La Suisse a profité de l'apparition aux JO du ski alpinisme pour glaner une deuxième médaille dans la discipline. En relais mixte samedi à Bormio, Marianne Fatton et Jon Kistler n'ont été devancés que par la paire française Harrop/Anselmet.
Bormio aura vraiment été une terre de médailles pour la délégation suisse. Après les huit médailles, dont quatre titres, en ski alpin masculin, c'est le nouveau venu au programme olympique qui a ajouté deux breloques avec l'or de Marianne Fatton en sprint jeudi et l'argent du relais mixte pour la dernière épreuve des JO dans la station de la Valteline.
La Neuchâteloise a ajouté l'argent à l'or avec son partenaire zurichois Jon Kistler. «C'est marrant parce que cet été, mon copain m'avait demandé: +Si tu as une médaille de bronze, est-ce que tu signes?+ Et j'étais là: +Je signe tout de suite+. Alors deux médailles et en plus une d'or, c'est complètement fou!»

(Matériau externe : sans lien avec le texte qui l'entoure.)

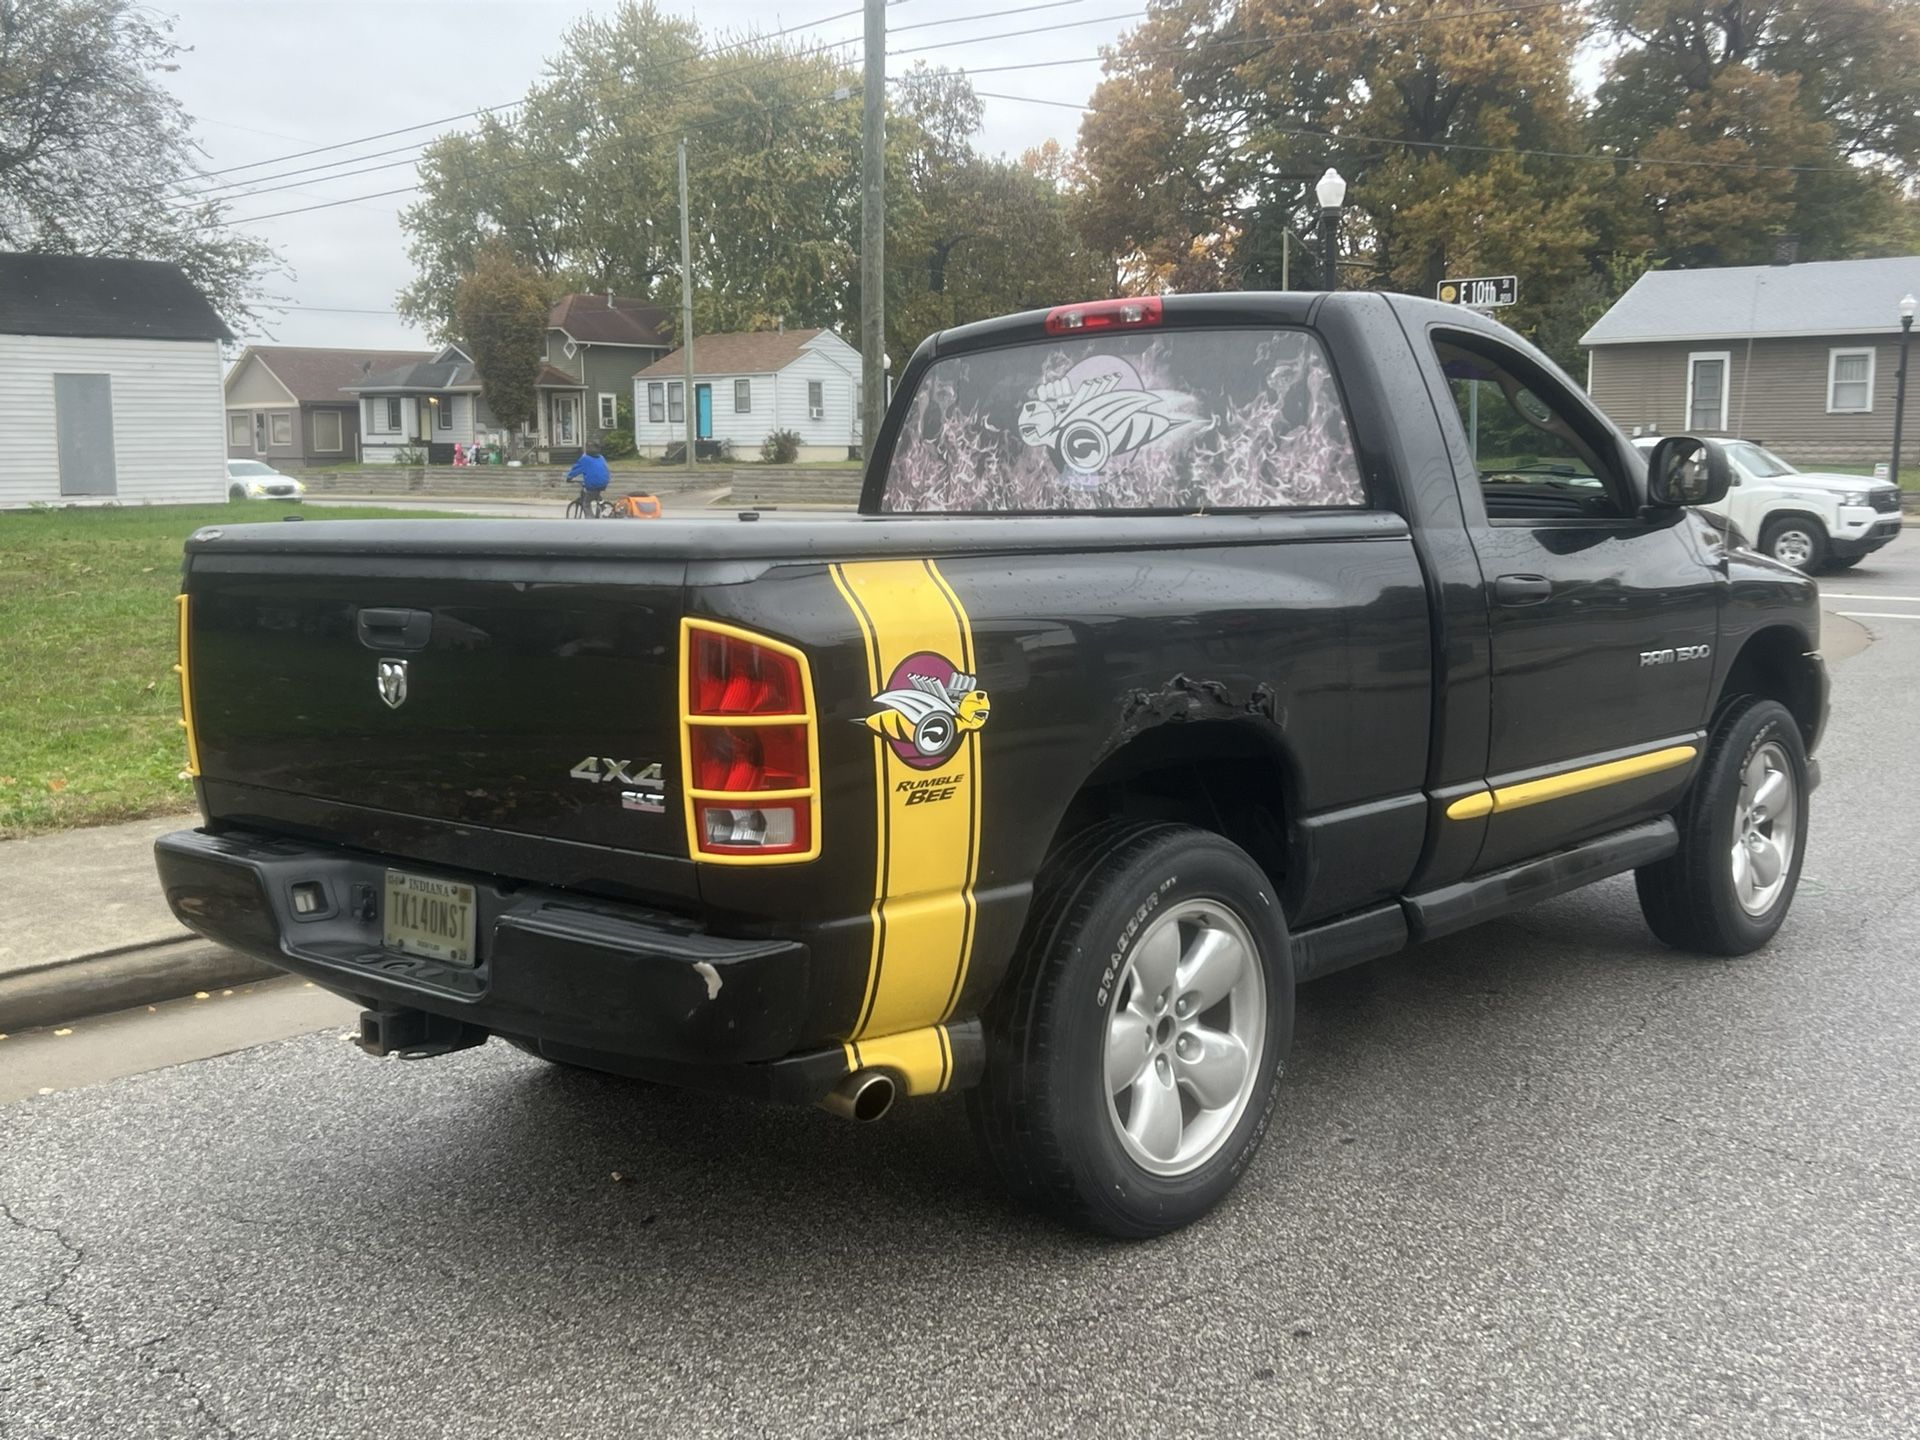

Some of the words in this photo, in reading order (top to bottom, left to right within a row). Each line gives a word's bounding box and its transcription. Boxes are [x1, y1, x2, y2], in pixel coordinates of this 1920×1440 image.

Et le duo helvétique n'a pas à rougir de sa 2e place, puisqu'il n'a été battu que par des Français considérés comme les immenses favoris de cette épreuve assez spectaculaire.
Les Français trop forts
Plus long que le sprint, ce format de relais a donné lieu à une belle course, même s'il n'y a pas eu de retournement de situation. Dès le départ, la Française Emily Harrop a donné le ton en montrant qu'elle était certainement vexée d'avoir manqué l'or du sprint, surtout que celui-ci lui tendait les bras.

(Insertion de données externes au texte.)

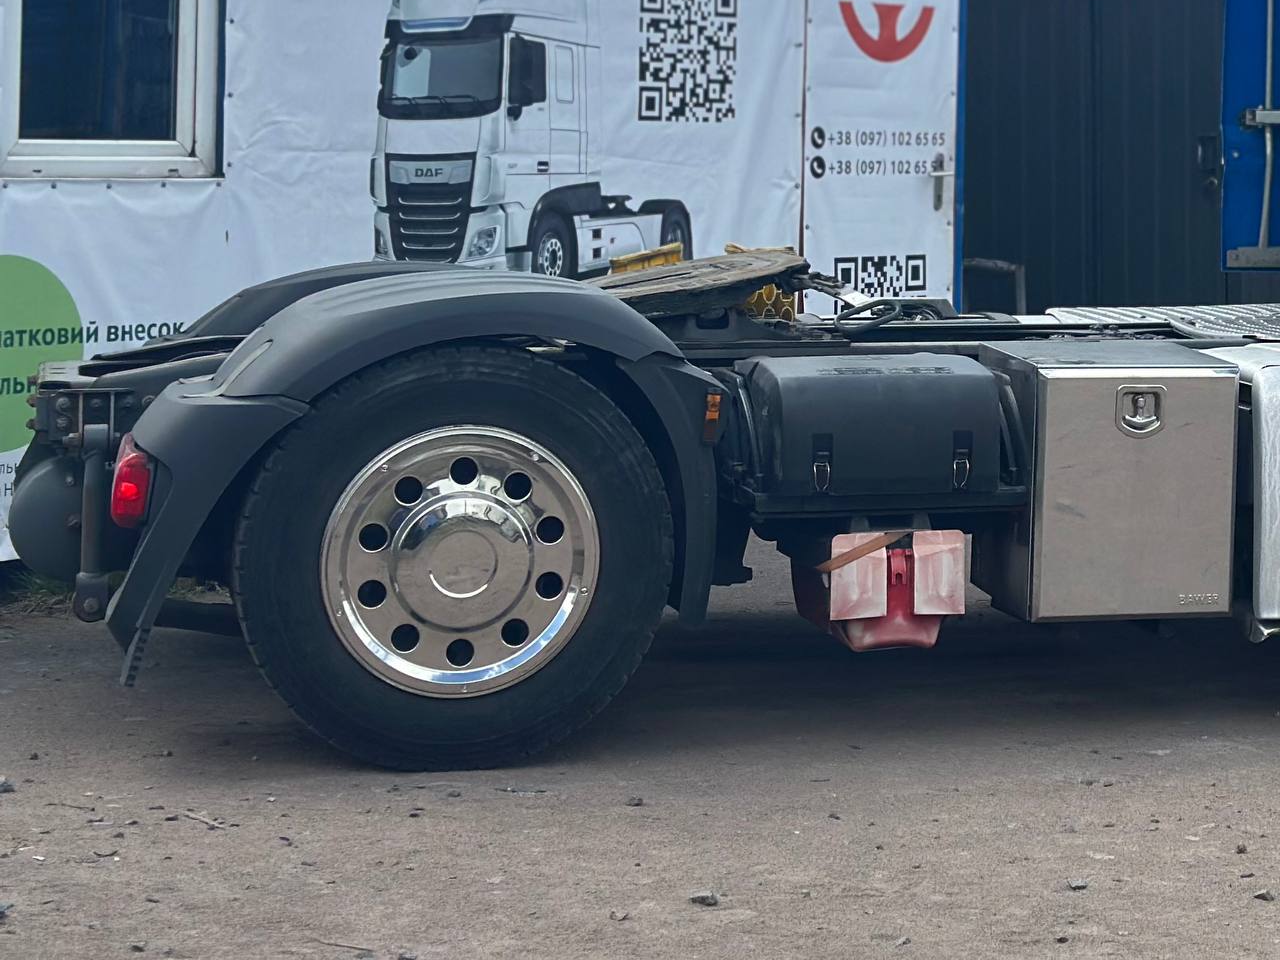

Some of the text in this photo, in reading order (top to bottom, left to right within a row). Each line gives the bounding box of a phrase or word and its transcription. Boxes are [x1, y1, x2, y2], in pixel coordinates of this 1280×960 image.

[828, 131, 945, 147] +38 (097) 102 65 65
[415, 168, 443, 178] DAF
[829, 160, 851, 175] +38
[856, 160, 887, 176] (097)
[892, 160, 911, 174] 102
[914, 160, 927, 174] 65
[0, 321, 184, 348] атковий внесок

Partie un peu plus tranquillement, Marianne Fatton a perdu près de dix secondes sur son premier relais. Jon Kistler, brillant lors des séries du sprint mais malheureux en finale (6e), a repris du temps sur Thibault Anselmet. Insuffisant toutefois pour mettre Fatton dans des conditions idéales.
Il y a tout de même eu du suspense, car la Neuchâteloise a profité de deux mauvaises transitions de Harrop pour revenir à moins de deux secondes! Kistler a tout tenté dans le dernier relais, mais Anselmet n'a pas manqué ses transitions et a pu conserver suffisamment d'avance pour l'emporter avec plus de 11'' de bonus. Malgré une pénalité de 3'', les Espagnols ont pris la 3e place à 26''50.
«C'est incroyable de partager ça avec Marianne, a déclaré le Zurichois dans un français impeccable. C'est juste fou, je ne sais pas trop quoi dire. Après le sprint, j'étais un peu déçu, mais je savais que j'avais la forme et que tout était possible aujourd'hui. Ce fut un vrai plaisir de courir pour la victoire, d'avoir Thibault juste devant et de pouvoir finir avec la médaille d'argent.»
Un vrai travail d'équipe
Sur les épaules de son binôme, Marianne Fatton a offert son plus beau sourire aux photographes en brandissant le drapeau suisse. «Je me réjouissais trop de recourir parce que le sprint avait été incroyable pour l'ambiance, a dit Marianne Fatton. J'avais des frissons en repensant au sprint et en plus j'étais tellement motivée de ramener une médaille pour Jon parce qu'il est si fort en sprint. Il aurait très bien pu en faire une. Ca m'a énormément motivée.»
A l'heure de dresser un bilan de cette première du ski alpinisme, on peut dire que le public a répondu présent. Et les courses ont confirmé la domination de trois nations: la Suisse (deux médailles), la France (trois médailles) et l'Espagne (trois médailles). Il n'y a que le Russe Nikita Filippov qui a pu s'insérer parmi les trois pays avec sa médaille d'argent en sprint.
A voir si le format va évoluer dans quatre ans dans les Alpes françaises. Peut-être que le Vertical et l'individuel sauront trouver les arguments pour apparaître au programme.